Childhood obesity and overweight have increased substantially over the past four decades. WHO estimates that, in 2020, there were 39 million children under 5 years of age with overweight or obesity, and that the prevalence of obesity among those aged 5–19 years has increased from <1% globally in 1975 to 6% of girls and 8% of boys in 2016. Obesity and overweight can be associated with physical and mental health issues, and affect quality of life during childhood, but also increase the likelihood of being overweight and having life-limiting comorbidities in adulthood. Allowing childhood obesity levels to rise further could therefore translate into major health and economic challenges for future generations—not least vulnerability to pandemic outbreaks of viruses like COVID-19, for which overweight is an important risk factor.
Commercial and social determinants of health have fuelled the rapid, global growth in childhood overweight. Changes in food production, retail practices, and the wider food environment have meant an increasing availability of convenient, high-calorie foods and drinks, and, as highlighted in The Lancet Commission A Future For The World's Children, this has been coupled with aggressive and largely unregulated marketing of unhealthy products towards children and their parents. Changes in transportation and leisure habits mean that many children have increasingly sedentary lifestyles. Within societies, children from more deprived backgrounds are substantially more exposed to and affected by these social determinants of excess weight. The importance of the environment to health inequalities is reinforced in a study by Charis Staatz and colleagues in this issue of The Lancet Public Health, reporting that body mass trends over adolescence are associated with local area deprivation in a large UK cohort, even when controlling for family socioeconomic circumstances.

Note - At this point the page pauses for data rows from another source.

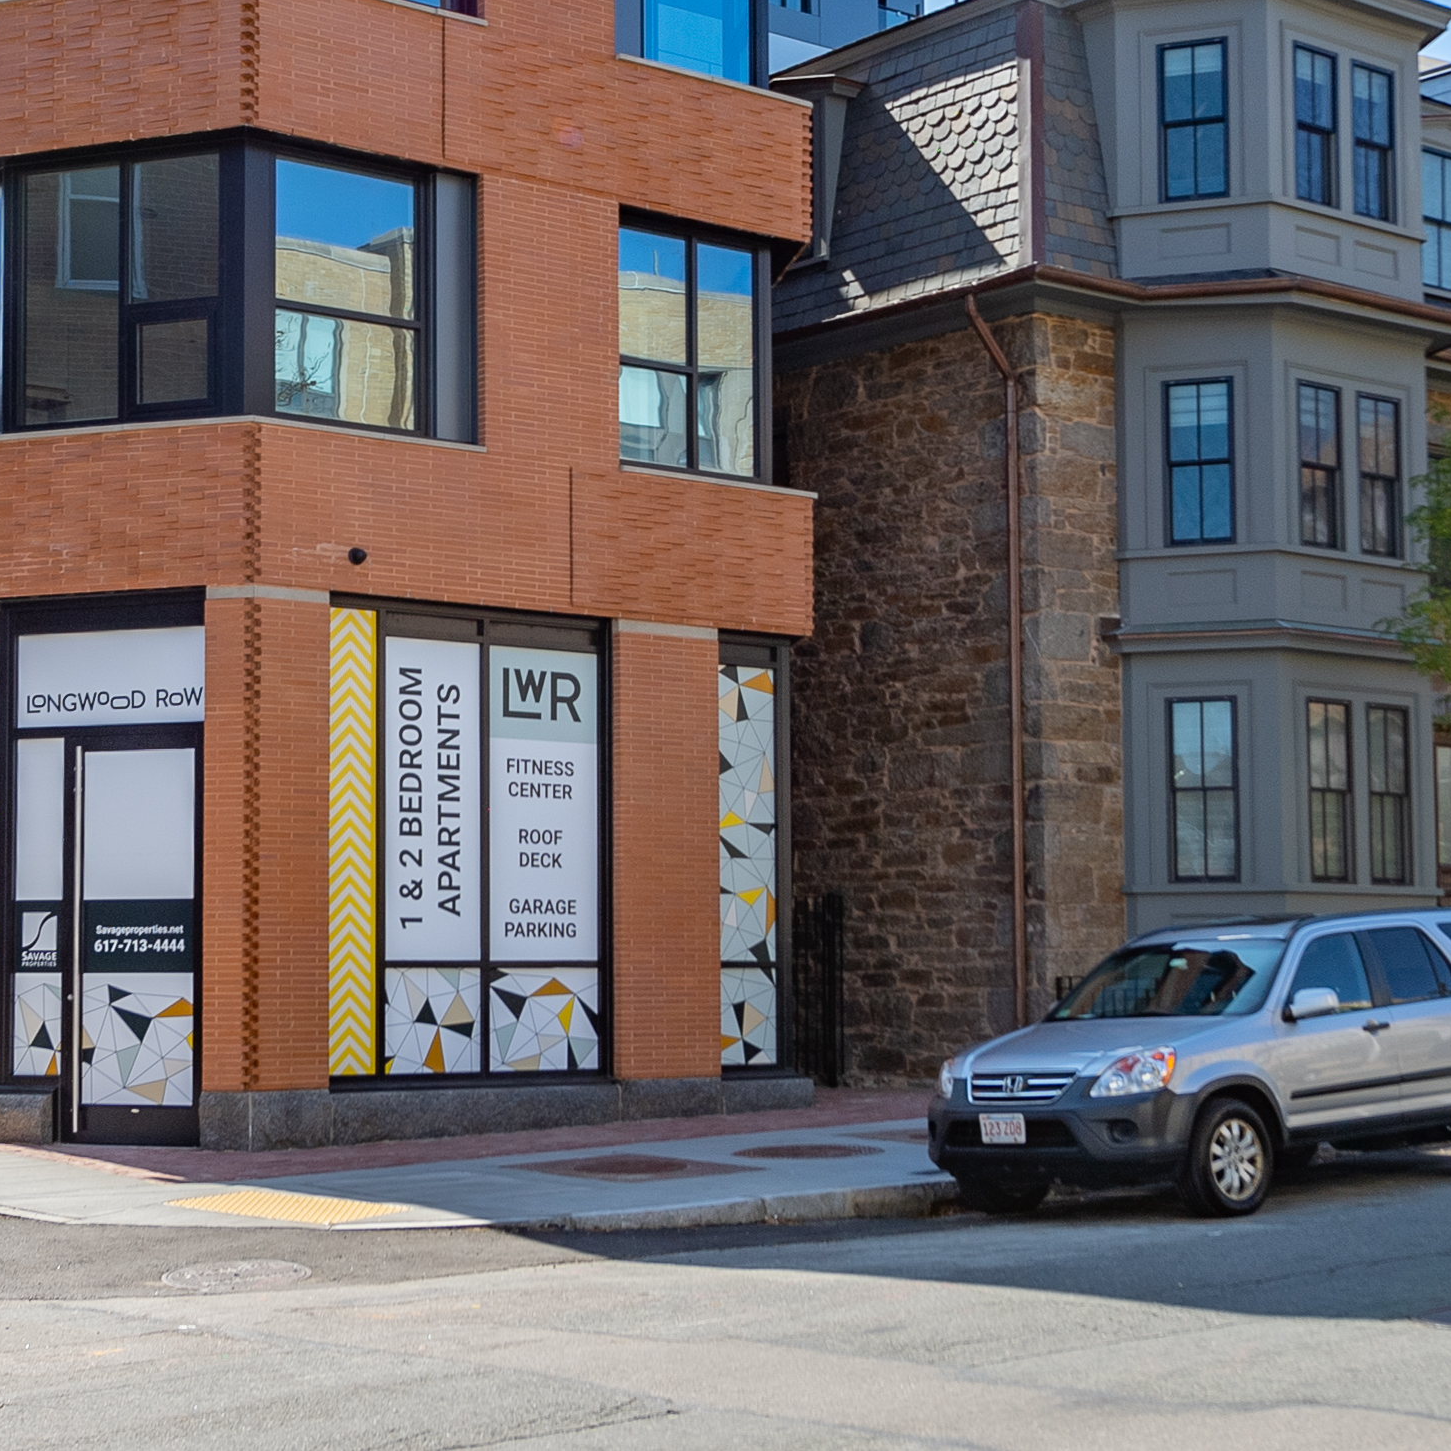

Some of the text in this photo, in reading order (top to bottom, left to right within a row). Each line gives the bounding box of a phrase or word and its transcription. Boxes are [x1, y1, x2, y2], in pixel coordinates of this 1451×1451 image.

[502, 667, 582, 723] LWR
[506, 758, 574, 777] FITNESS
[398, 667, 423, 929] 1 & 2 BEDROOM
[508, 782, 573, 800] CENTER
[437, 683, 461, 917] APARTMENTS
[518, 828, 563, 845] ROOF
[519, 852, 563, 869] DECK
[508, 898, 577, 915] GARAGE
[95, 924, 184, 937] Savageproperties.net
[504, 922, 577, 938] PARKING
[94, 938, 185, 952] 617-713-4444
[21, 951, 57, 961] SAVAGE
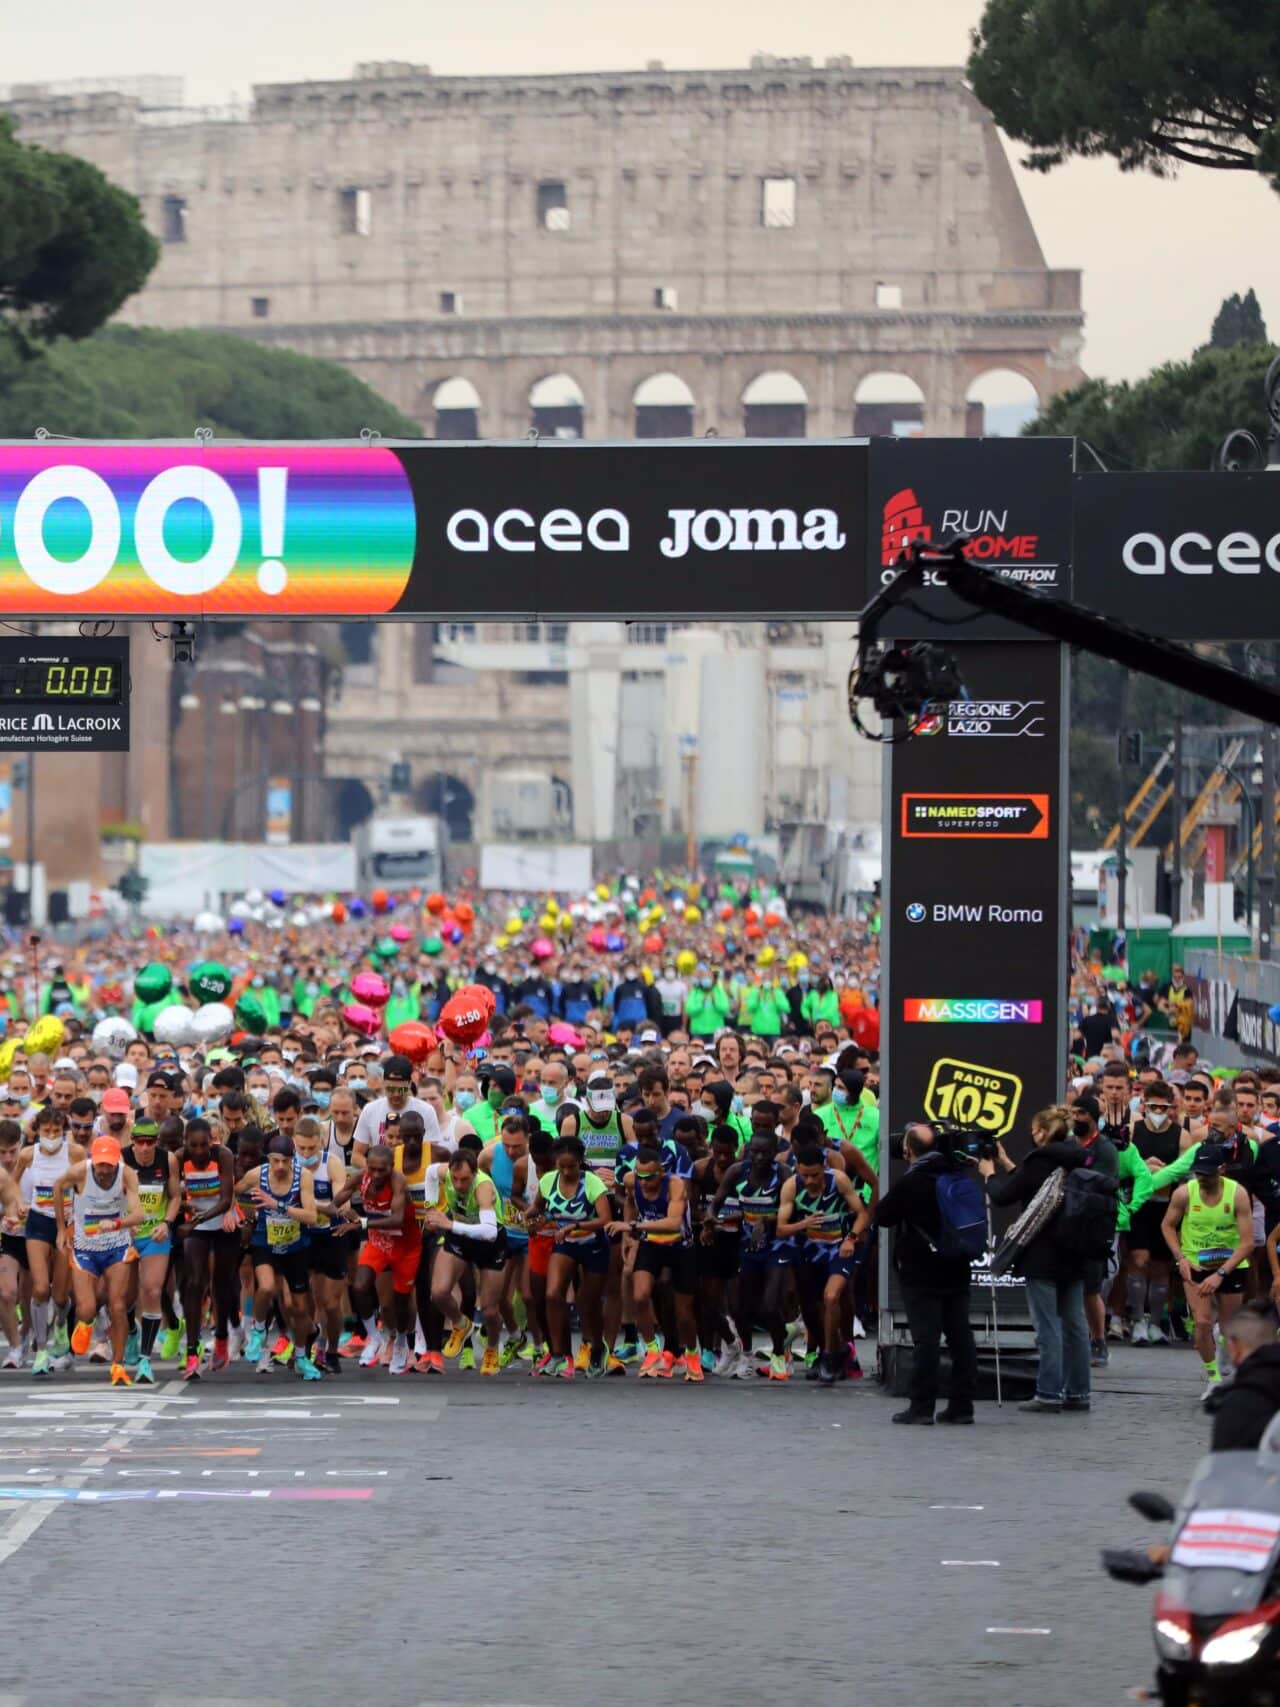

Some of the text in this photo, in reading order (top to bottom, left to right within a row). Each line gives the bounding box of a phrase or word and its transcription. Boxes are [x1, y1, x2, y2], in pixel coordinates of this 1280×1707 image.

[447, 508, 630, 552] acea
[941, 510, 1008, 533] RUN
[948, 704, 1011, 717] REGIONE
[58, 715, 121, 730] LACROIX
[948, 720, 991, 733] LAZIO
[70, 734, 93, 742] Suisse
[933, 905, 1043, 922] BMW Roma
[200, 977, 225, 994] 3:20
[455, 1009, 481, 1027] 2:50
[918, 1002, 1028, 1020] MASSIGEN
[953, 1070, 1001, 1091] RADIO
[935, 1082, 1008, 1130] 105
[582, 1132, 618, 1141] Vicenza

While some preliminary data on childhood overweight and obesity during the pandemic are becoming available, there is an urgent need to better understand the potential impact of the pandemic on children's health. School closures, strained household finances, increased screen time, and marketing of fast foods have increased exposure for many children during the pandemic to the environmental drivers of weight gain. For the most vulnerable children, school closures have often impeded their only source of regular, healthy meals, exacerbating the health divide between more and less deprived households.

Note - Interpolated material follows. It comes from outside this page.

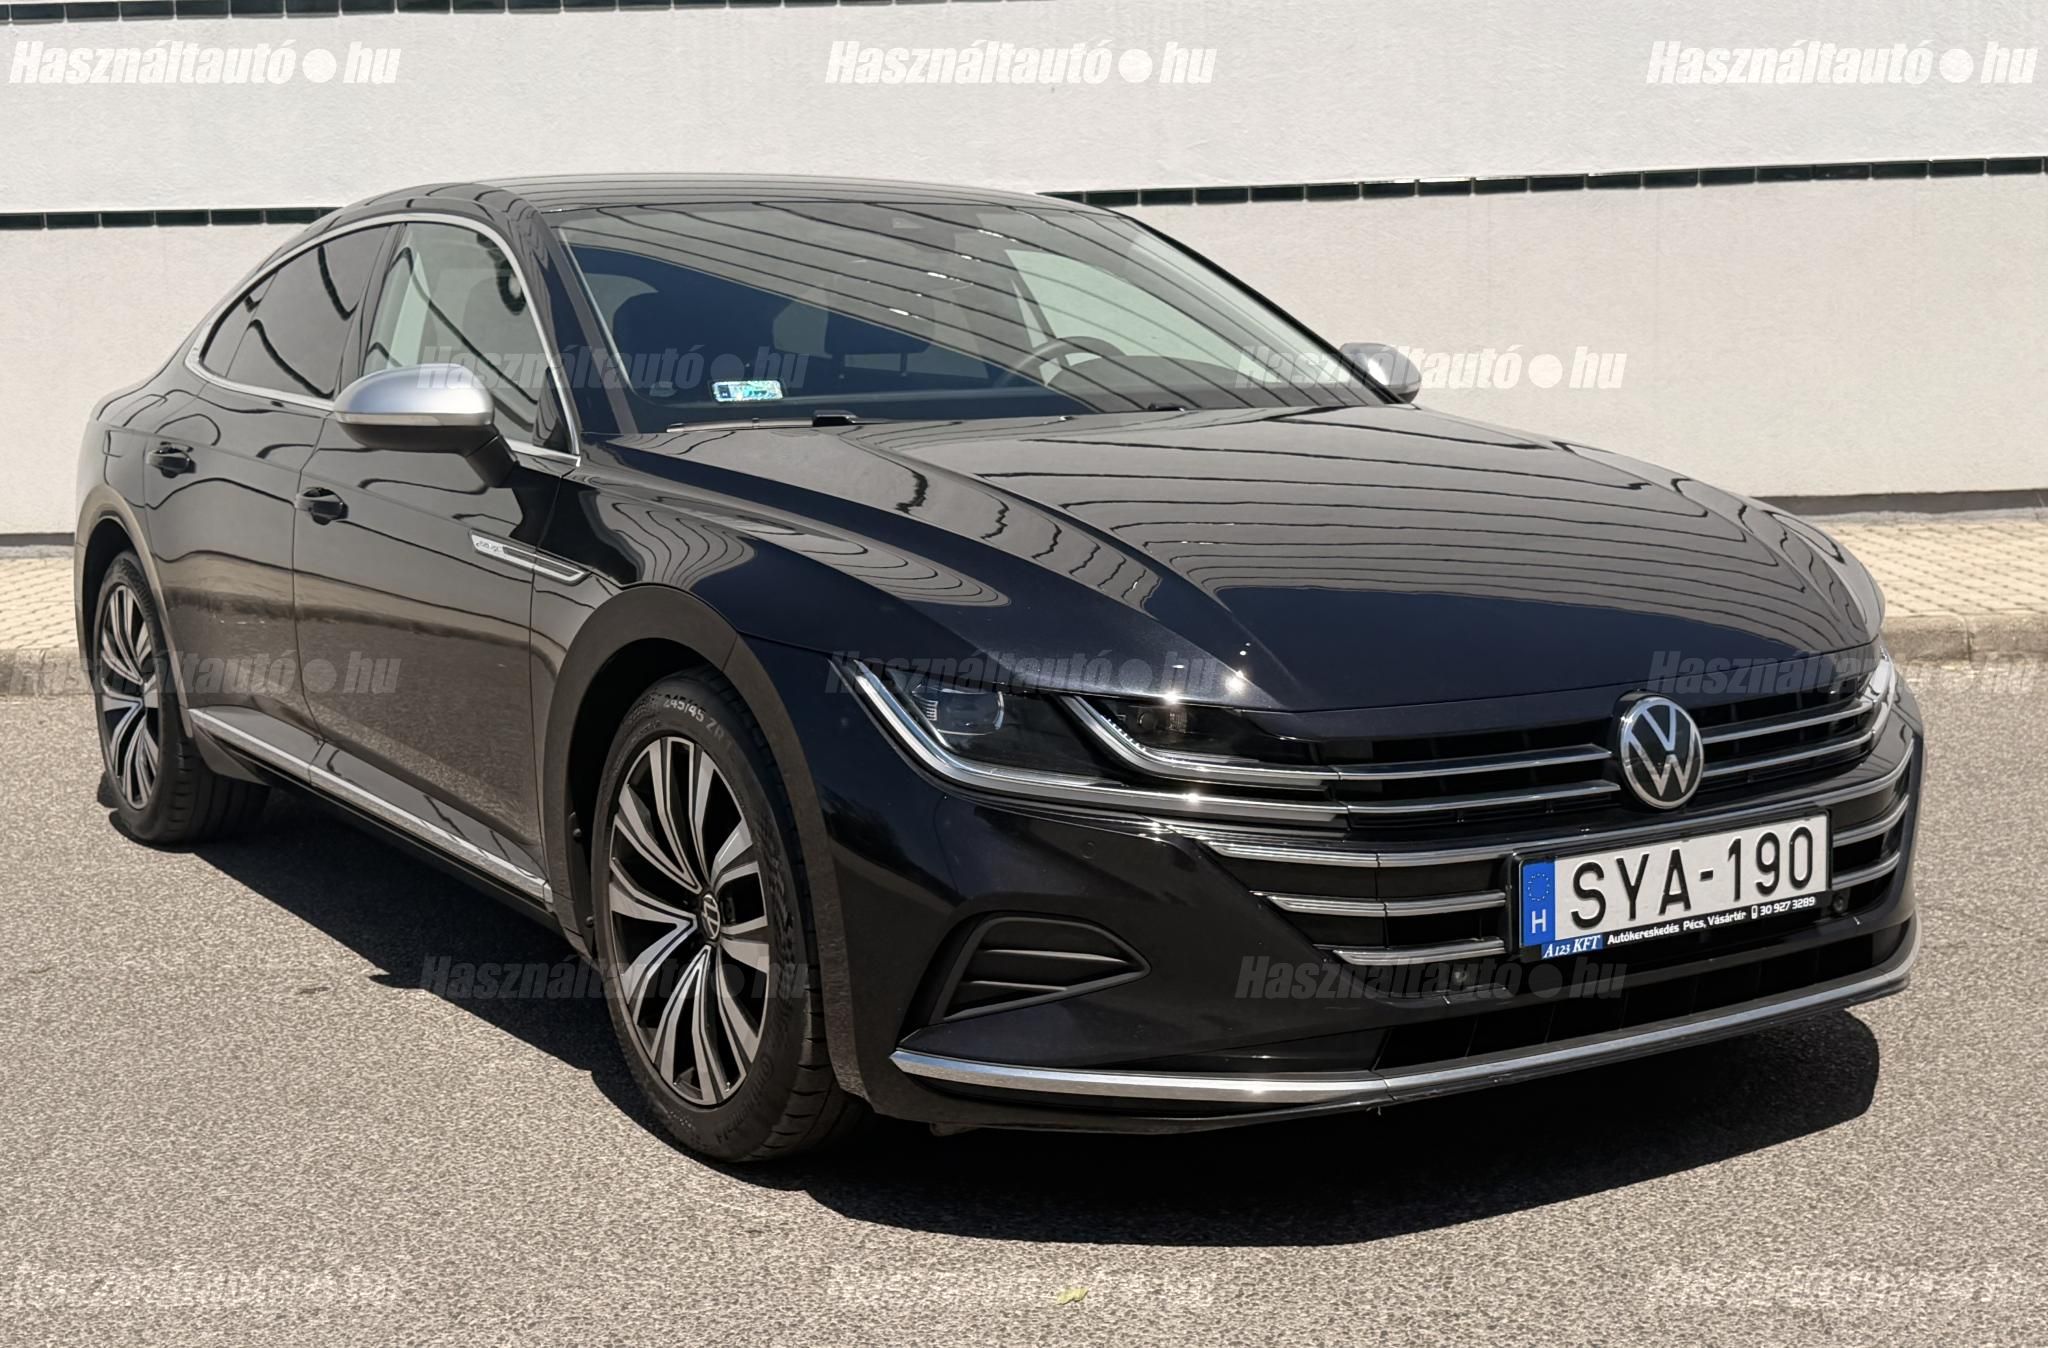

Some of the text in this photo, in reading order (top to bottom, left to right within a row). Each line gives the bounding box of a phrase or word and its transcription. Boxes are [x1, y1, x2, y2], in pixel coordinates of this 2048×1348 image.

In their 2016 Commission report on Ending Childhood Obesity, WHO outlined policies to address the determinants of obesity at a population level. However, the 2019 Global Atlas on Childhood Obesity reported that most countries were not doing enough to meet the WHO target of halting the growth in childhood overweight by 2025. Still, some positive steps have been taken. Recent examples include the partial ban on junk food advertising on TV and online in the UK announced this year and taxes on sugary drinks levied in Mexico. Bolder and more widespread actions are needed, such as those in the UK National Food Strategy independent review, published on July 15, 2021, advocating for taxes on foods with high sugar and salt contents to encourage reformulation, greater subsidised provision of healthy foods to children from deprived families, and funding for nutrition and cooking classes in schools.

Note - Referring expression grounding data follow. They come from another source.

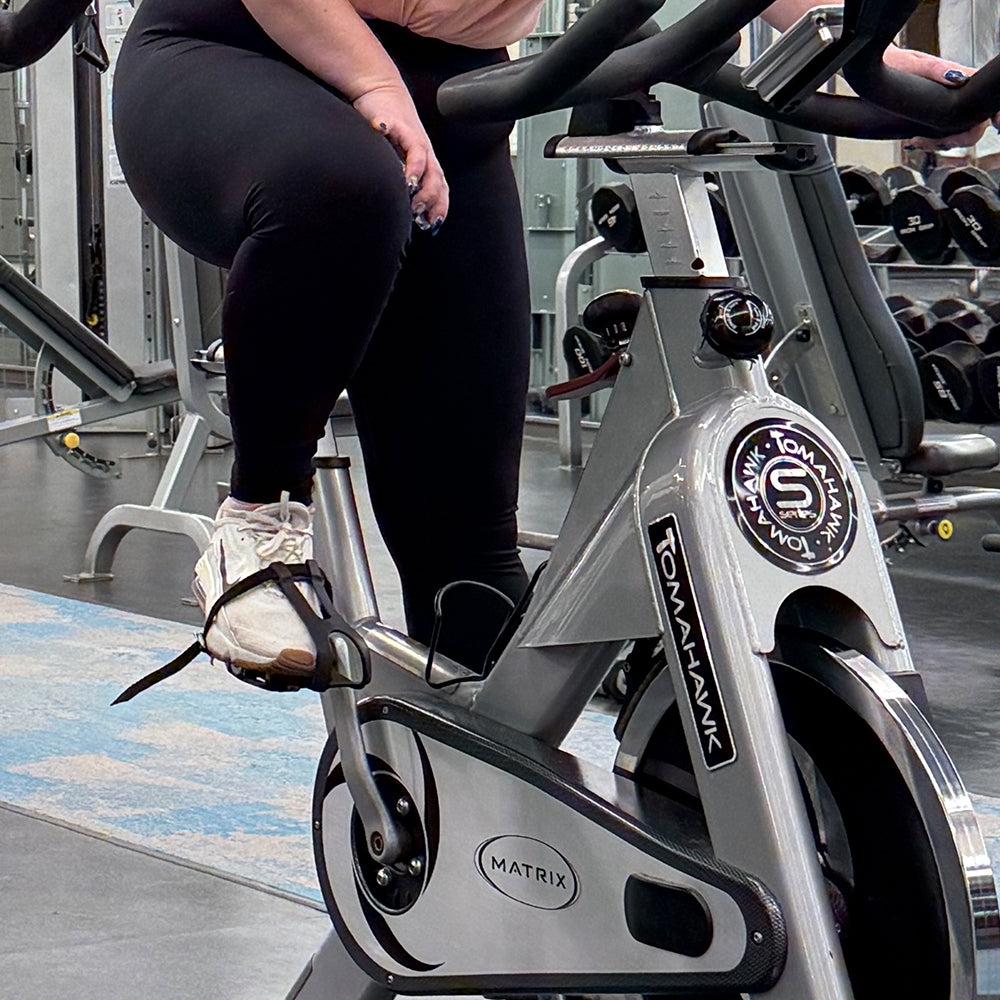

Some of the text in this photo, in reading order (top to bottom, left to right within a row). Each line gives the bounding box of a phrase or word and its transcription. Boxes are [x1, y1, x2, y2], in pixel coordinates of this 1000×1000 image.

[966, 214, 983, 232] 30
[742, 446, 816, 560] TOMAHAWK
[769, 430, 843, 544] TOMAHAWK
[770, 468, 813, 509] S
[778, 509, 817, 520] series
[656, 527, 722, 754] TOMAHAWK
[491, 855, 567, 890] MATRIX

As children return to schools, these institutions could play an even more important part in delivering healthy nutrition, and physical and food education. Importantly, there is an opportunity for greater intersectional collaboration between the education and health sectors, bringing wide ranging benefits to childhood development. The COVID-19 pandemic has highlighted weaknesses and inequalities in our societes, including across the food system. Recovery should be taken as an opportunity to rethink priorities of health versus commercial interests and protect children and adolescents.